==== RECORDS PROVIDED ====

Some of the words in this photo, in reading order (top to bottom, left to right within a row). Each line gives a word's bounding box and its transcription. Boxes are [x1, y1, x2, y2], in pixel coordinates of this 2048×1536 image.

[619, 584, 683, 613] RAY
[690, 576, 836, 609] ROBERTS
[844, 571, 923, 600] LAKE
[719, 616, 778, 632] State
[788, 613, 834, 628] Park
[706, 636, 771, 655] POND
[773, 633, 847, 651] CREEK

====

### EXERCISE GOAL
Please transcribe the data shown above in full, exactly as it stands.

### EXERCISE RESPONSE
Some of the words in this photo, in reading order (top to bottom, left to right within a row). Each line gives a word's bounding box and its transcription. Boxes are [x1, y1, x2, y2], in pixel coordinates of this 2048×1536 image.

[619, 584, 683, 613] RAY
[690, 576, 836, 609] ROBERTS
[844, 571, 923, 600] LAKE
[719, 616, 778, 632] State
[788, 613, 834, 628] Park
[706, 636, 771, 655] POND
[773, 633, 847, 651] CREEK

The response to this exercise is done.